Over the years one of the tools we have used to help guide improvement of the development of BizTalk applications and deployment to through test environments and into production is the BizTalk Administrator Application Quality Checklist. This is based on some work my friend Mo Uppal did around managing applications being migrated into the application automated releases he was implementing. The idea was that it could help you to understand where a particular application delivery sits in terms of the things that would make it easy to implement a good automated process.

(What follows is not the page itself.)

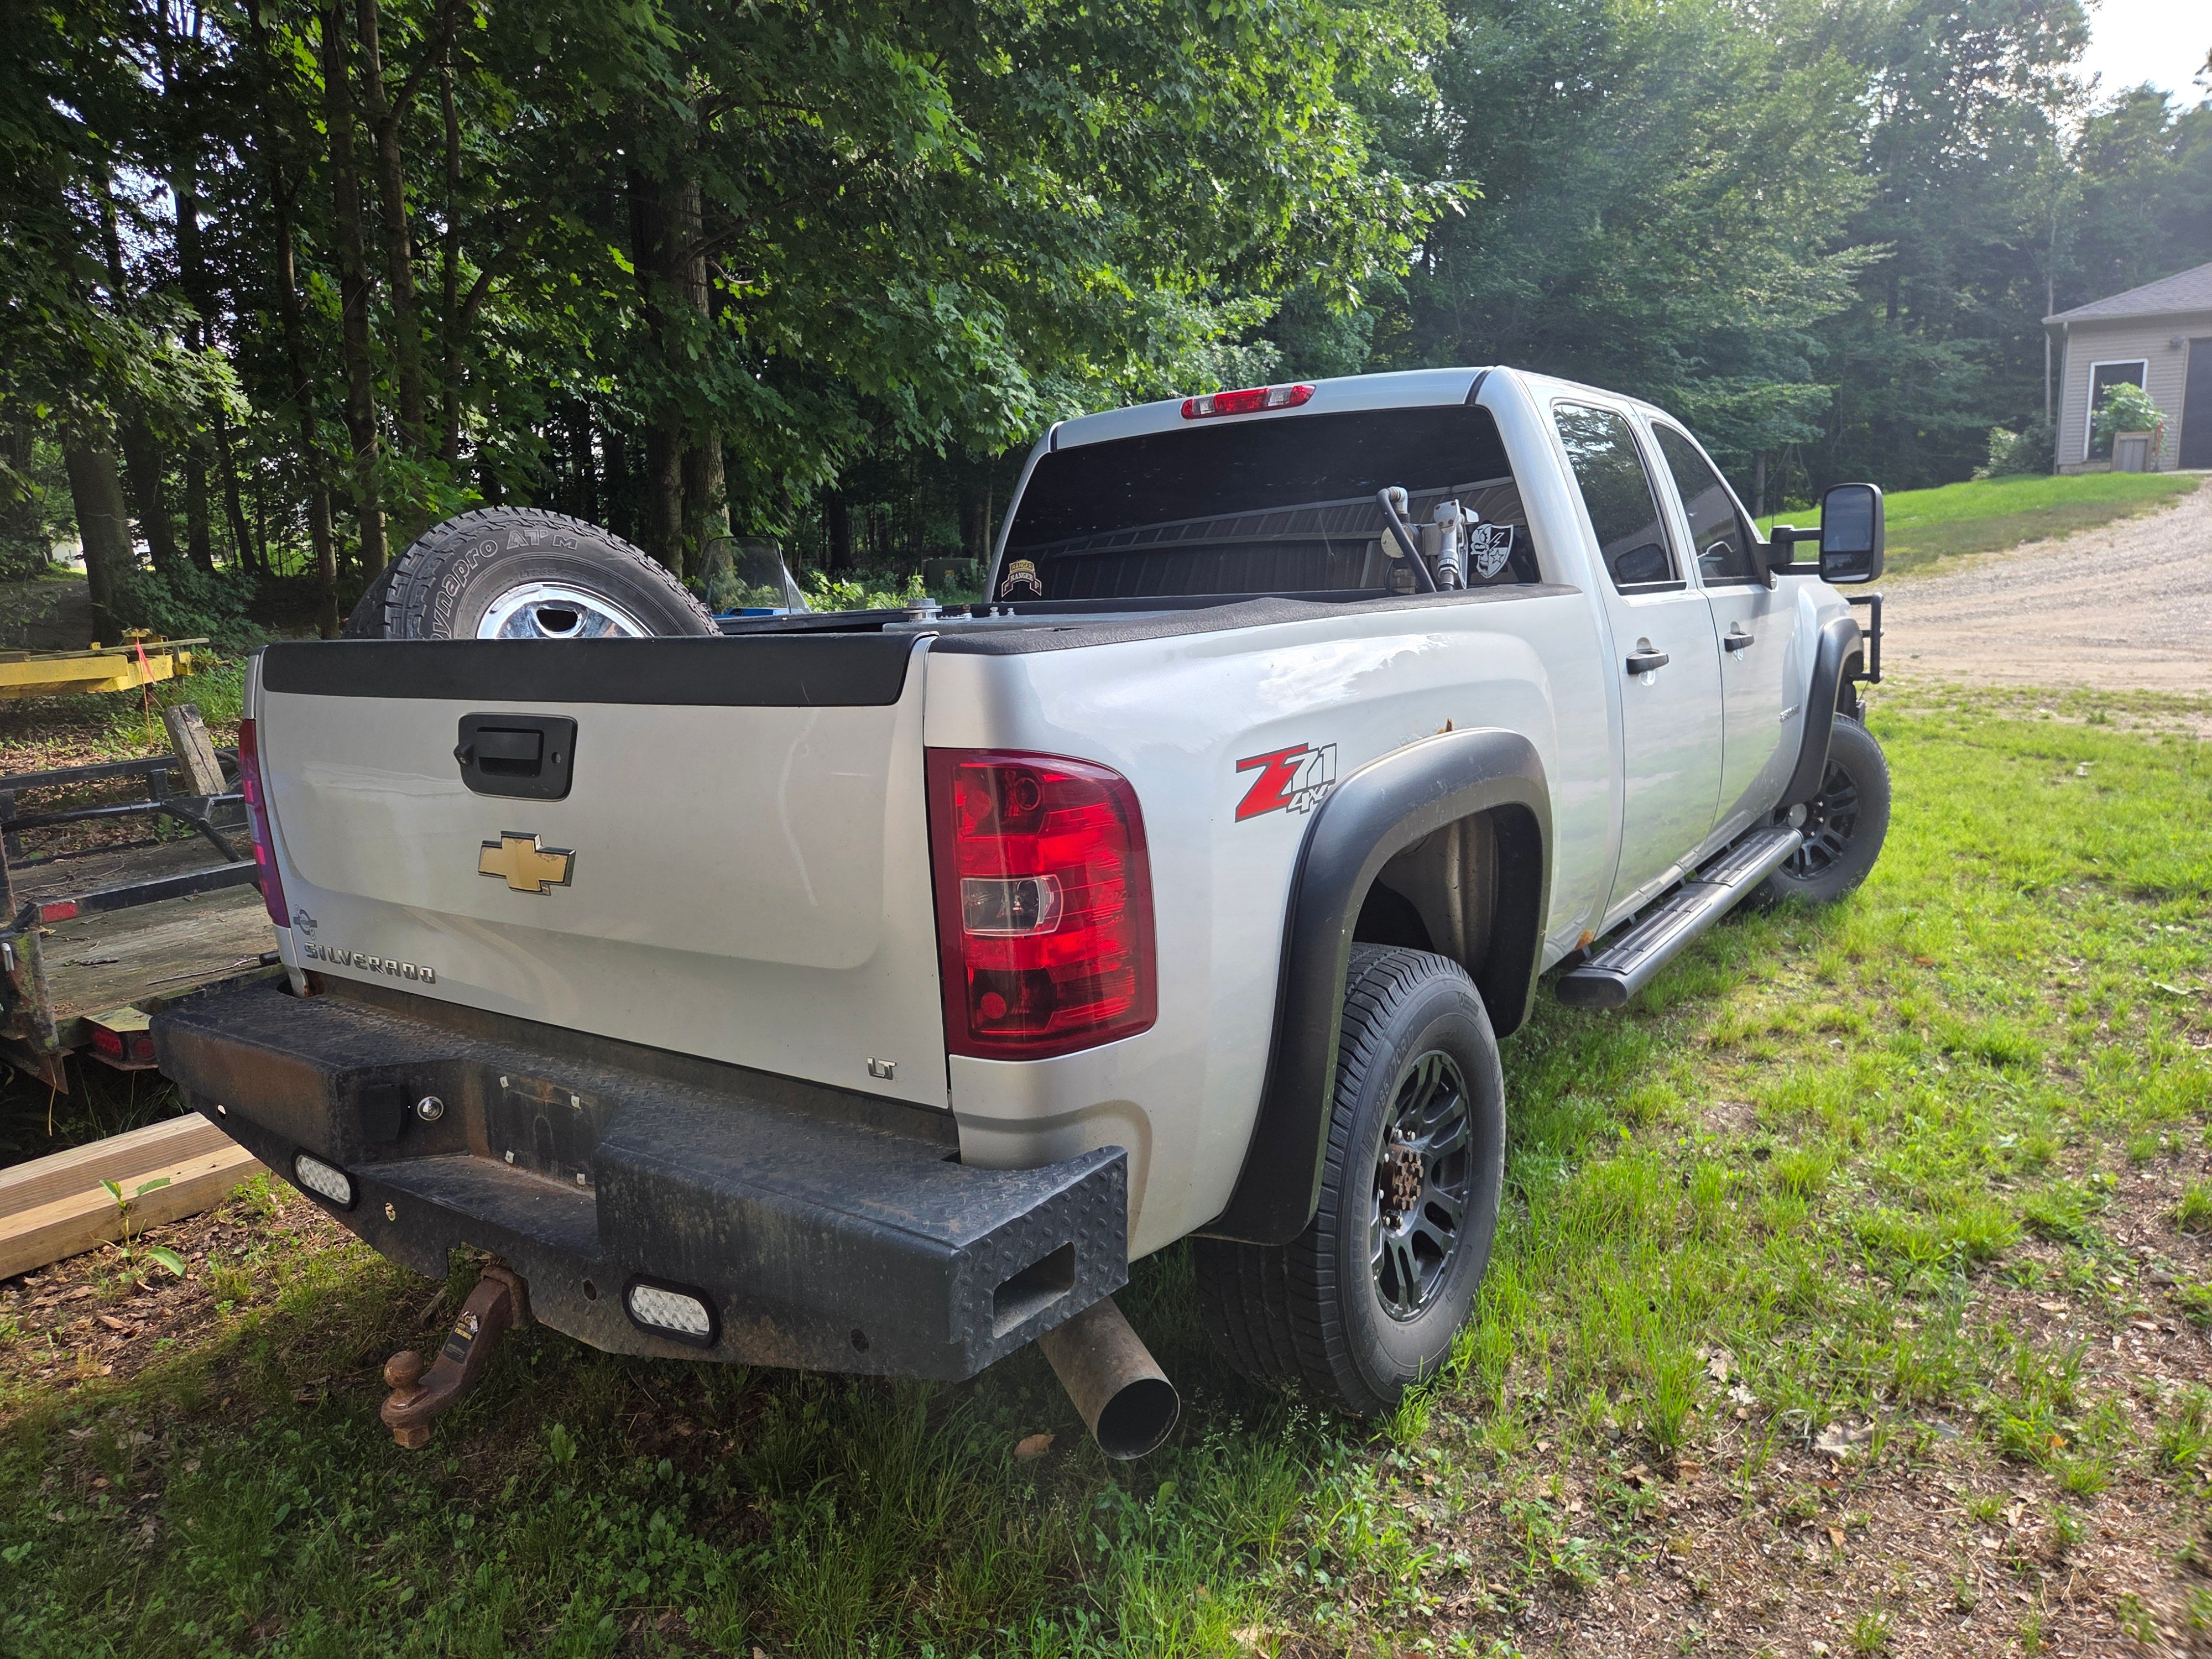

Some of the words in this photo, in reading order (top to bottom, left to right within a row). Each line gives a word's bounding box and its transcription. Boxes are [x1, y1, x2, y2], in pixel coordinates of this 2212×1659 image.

On the back of this work I helped Mo with I thought there are some more general BizTalk opportunities here. The idea is to create a dashboard style view of your applications to show which ones meet certain standards of behaviors which will make the life of the BizTalk Administrator easy. Often in an organization I find that if there are multiple BizTalk applications they often get delivered to different standards and give the deployment and administration teams a completely different set of challenges. In the deployment area as an example you should aim to have your BizTalk applications fundamentally the same from a deployment perspective. They will always have some differences with application specific functionality but if they are 70%+ the same then this makes the admin teams life easy and supports an easy transition to an automated approach.
To help achieve this we came up with the BizTalk Administrator Application Quality Checklist (hmm maybe that's a bit of a mouthful). There is lots of stuff around in the community to help BizTalk administrators setup environments and infrastructure in a good way but there isnt a lot of information to help BizTalk administrators have a view or some guidance around what a good BizTalk application should look like and I've come across scenarios where even in the same development team or consultancy the applications they build look completely different from a deployment and management experience.
The fall out of this is that it gives the BizTalk Administrator a bad experience and the BizTalk administrator gets hassle from various areas as result of the problems which often follow poor deployment processes, but the Administrator often feels that the development team don't do enough to help but perhaps cant articulate this to the development team and it all results in friction.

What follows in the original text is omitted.